Sebelum Rapat Dengar Pendapat (RDP) di DPRD Kabupaten Minut peserta mengikuti rapid test yang dilakukan Gugus Tugas Percepatan Penanganan Covid-19 Pemerintah Kabupaten Minut melalui Dinkes.
Sebelum Rapat Dengar Pendapat (RDP) di DPRD Kabupaten Minut peserta mengikuti rapid test yang dilakukan Gugus Tugas Percepatan Penanganan Covid-19 Pemerintah Kabupaten Minut melalui Dinkes.

Sejumlah Peserta RDP Menolak di-Rapid Test

MINUT, publikreport.com – Peserta Rapat Dengar Pendapat (RDP) di Dewan Perwakilan Rakyat Daerah (DPRD) Kabupaten Minahasa Utara (Minut) sebelum masuk ke ruang pembahasan menjalani rapid test, Senin 27 Juli 2020. Namun, sayangnya dari pantauan terlihat sejumlah peserta RDP terkesan enggan menjalani pemeriksaan yang dilakukan Gugus Tugas Percepatan Penanganan Covid-19 Pemerintah Kabupaten Minut melalui Dinas Kesehatan (Dinkes), kendati tetap mengikuti rapat itu.

Diketahui RDP ini terkait penanganan Covid-19 (Coronavirus Disease 2019) dan pembayaran perangkat desa. RDP ini melibatkan unsur Forum Komunikasi Pimpinan Daerah (Forkopimda), tokoh masyarakat, tokoh agama dan organisasi kemasyarakata (ormas) serta Gugus Tugas Penanganan Covid-19 Pemerintah Kabupaten Minut.

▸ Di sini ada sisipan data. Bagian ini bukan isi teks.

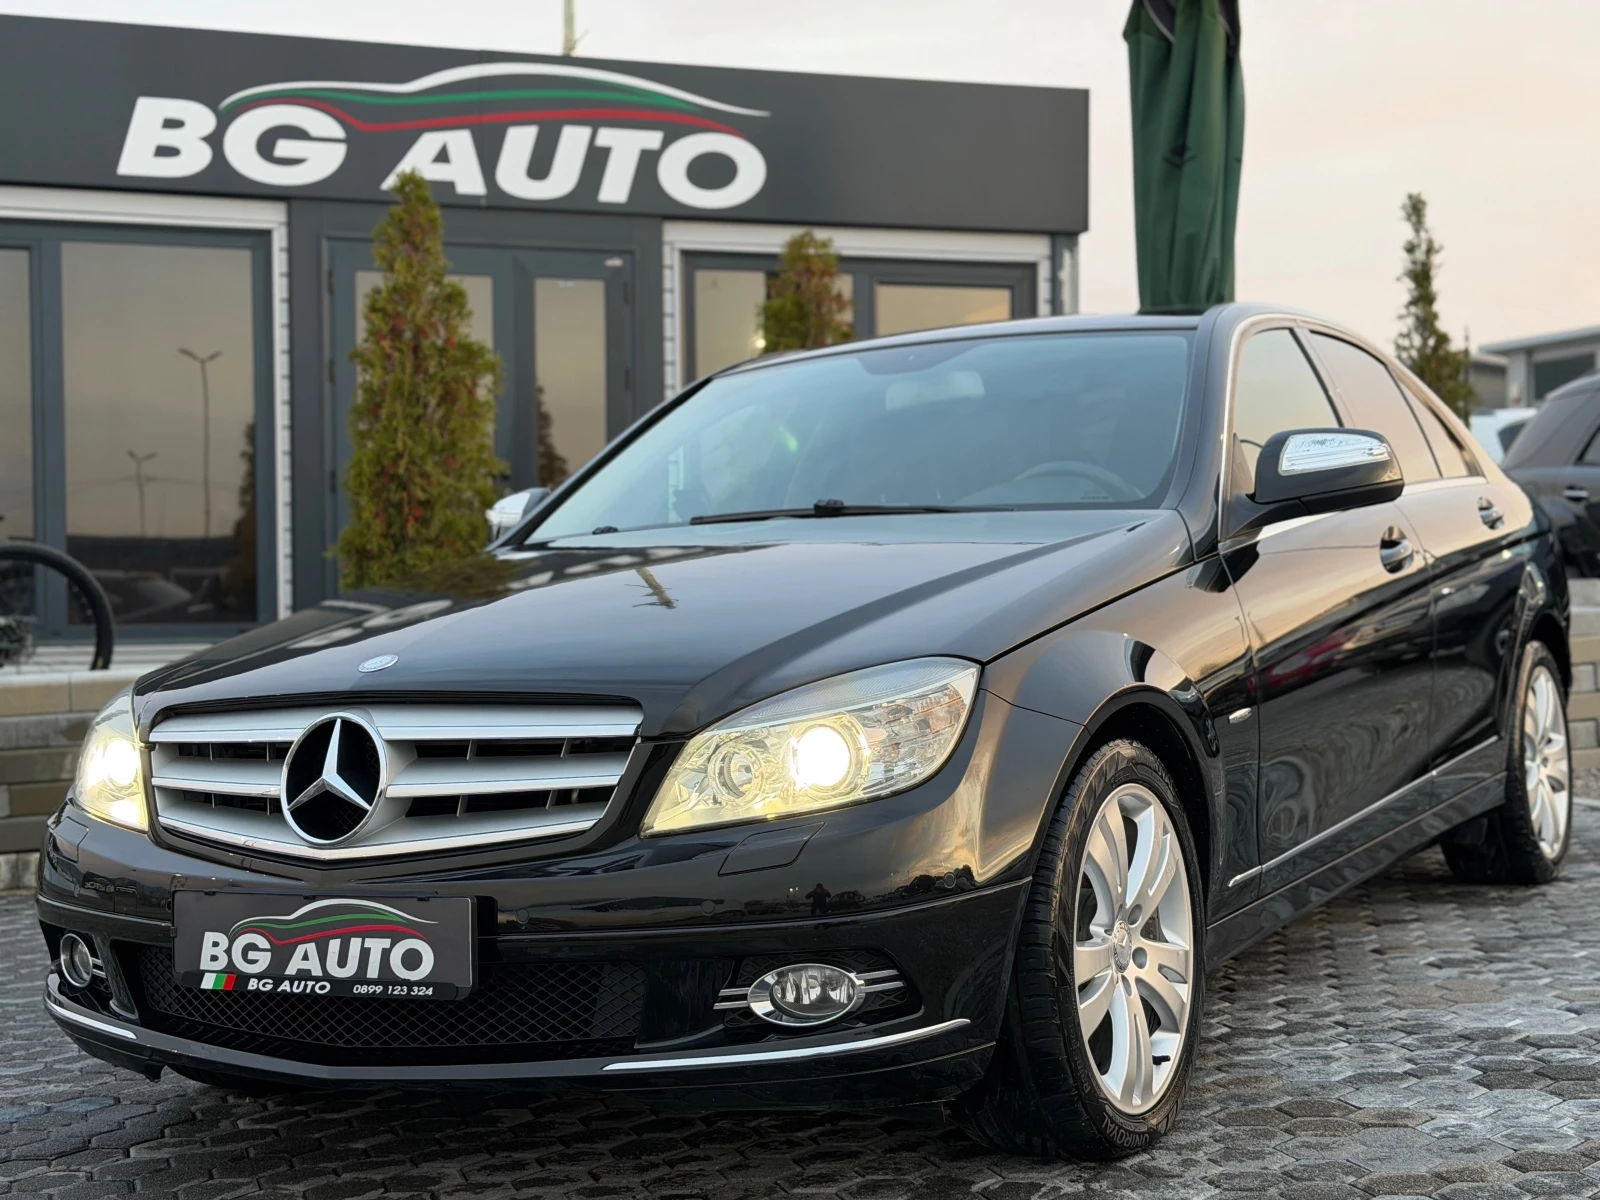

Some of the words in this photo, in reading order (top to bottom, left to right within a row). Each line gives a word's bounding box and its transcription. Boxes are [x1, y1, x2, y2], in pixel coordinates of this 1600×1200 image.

[116, 96, 348, 187] BG
[380, 125, 767, 210] AUTO
[199, 931, 272, 974] BG
[283, 937, 435, 982] AUTO
[247, 978, 274, 992] BG
[276, 980, 331, 995] AUTO
[352, 984, 384, 995] 0899
[387, 985, 408, 996] 123
[410, 986, 434, 997] 324
[1101, 1111, 1150, 1149] UNIROYAL

Kepala Dinkes Kabuapten Minut, Alain Beyah saat dikonfirmasi mengatakan jika crapid test ini merupakan screening atau pemeriksaan awal untuk mengetahui peserta yang reaktif atau non reaktif.

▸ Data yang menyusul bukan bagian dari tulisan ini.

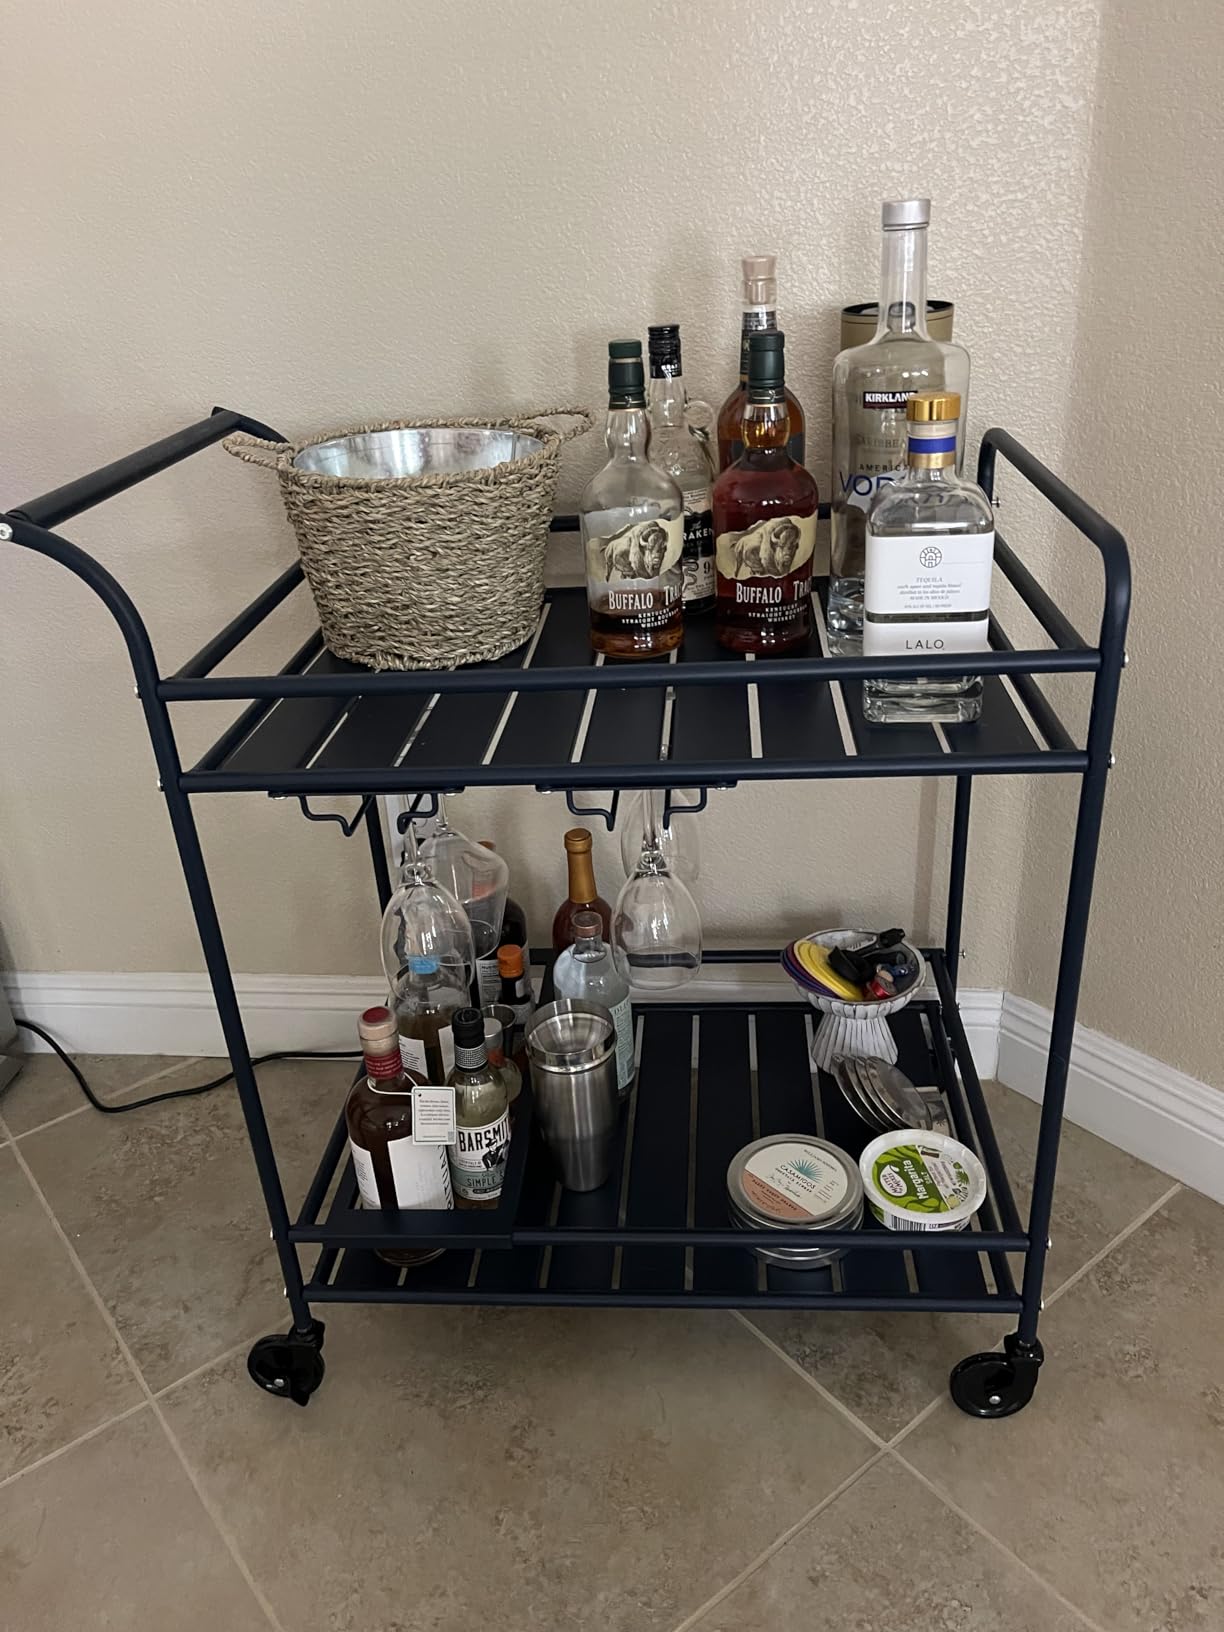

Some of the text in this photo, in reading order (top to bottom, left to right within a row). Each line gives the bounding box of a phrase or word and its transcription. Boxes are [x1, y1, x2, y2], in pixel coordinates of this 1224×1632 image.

[608, 590, 653, 610] BUFFALO
[736, 582, 782, 604] BUFFALO
[638, 608, 670, 618] KENTUCKY
[905, 639, 945, 650] LALO
[467, 1175, 496, 1187] SIMPLE
[780, 1164, 816, 1190] CASAMIGOS
[903, 1160, 929, 1200] Margarita

“Kalau reaktif, nanti akan dijadualkan pemeriksaan swab test. Tapi pemeriksaan ini tidak ada unsur pemaksaan sebelum masuk rapat,” jelasnya.

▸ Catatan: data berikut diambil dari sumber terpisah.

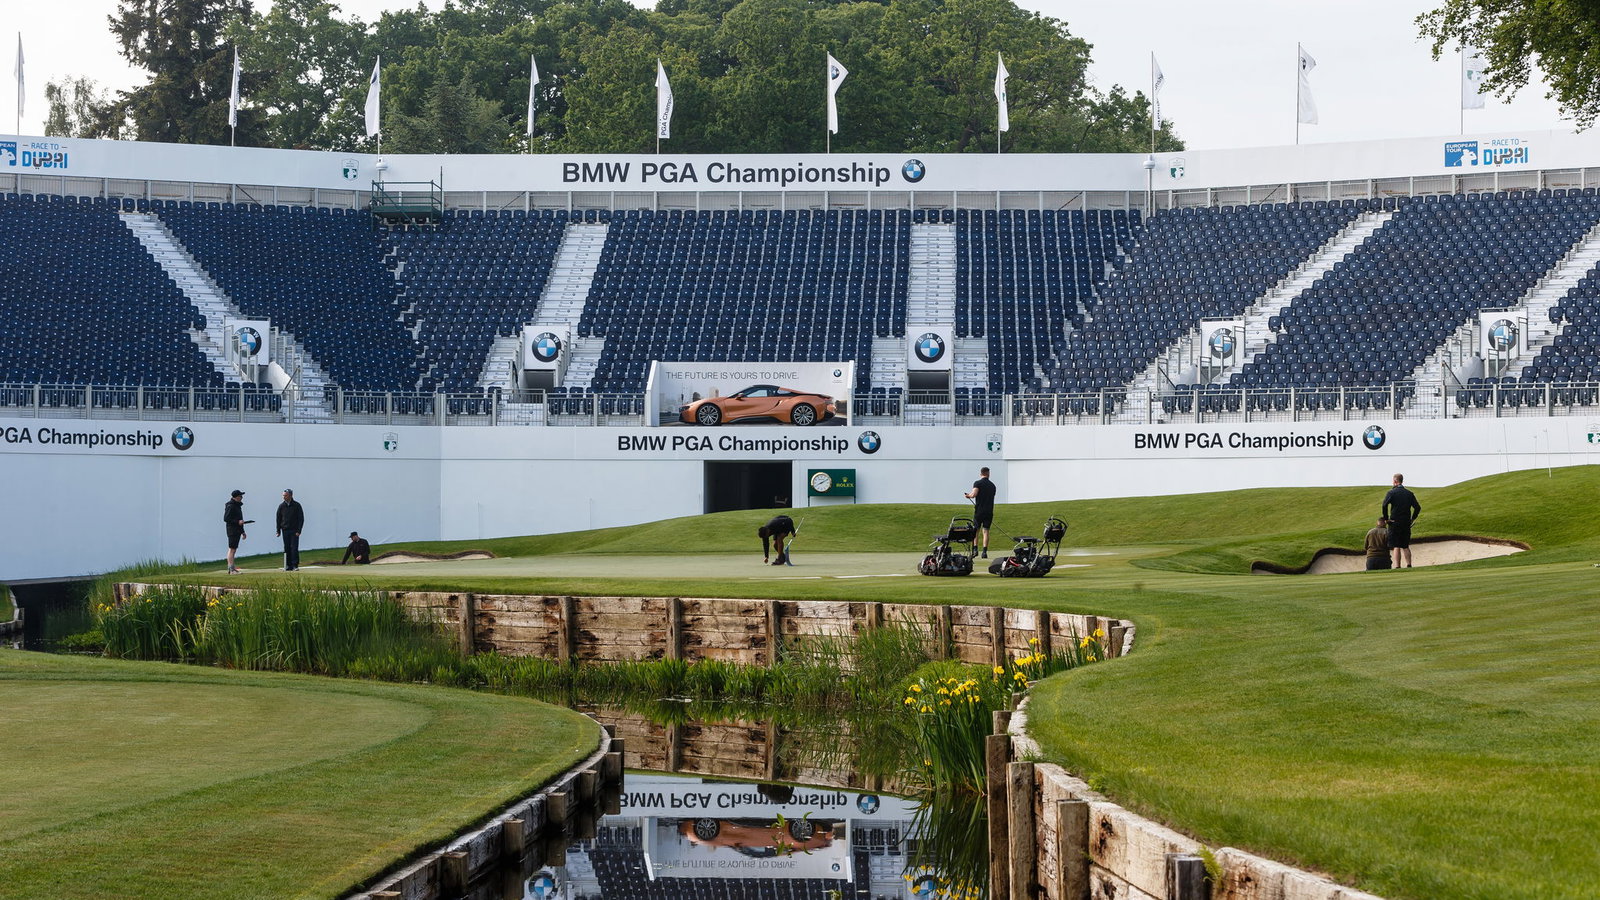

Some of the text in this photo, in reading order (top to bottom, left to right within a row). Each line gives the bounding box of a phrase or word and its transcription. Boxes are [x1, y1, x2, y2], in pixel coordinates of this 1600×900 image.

[31, 142, 48, 150] RACE
[22, 151, 68, 169] DUBAI
[1483, 147, 1529, 166] DUBAI
[562, 162, 891, 187] BMW PGA Championship
[685, 371, 719, 379] FUTURE
[720, 371, 728, 379] IS
[730, 371, 758, 379] YOURS
[760, 371, 771, 379] TO
[37, 427, 164, 449] Championship
[617, 435, 849, 454] BMW PGA Championship
[1134, 431, 1354, 451] BMW PGA Championship

Salah satu tokoh masyarakat Minut, Piet Luntungan menolak jika dalam kegiatan RDP harus ada rapid test. Alasannya, dalam Keputusan Menteri Kesehatan (Menkes) Republik Indonesia (RI) Nomor HK.01.07/MENKES/413/2020 tentang Pedoman Pencegahan dan Pengendalian Covid-19, rapid test tidak lagi diberlakukan. Menurutnya, rapid test Covid-19 hanya dapat digunakan untuk skrining pada populasi spesifik dan situasi khusus seperti pada pelaku perjalanan.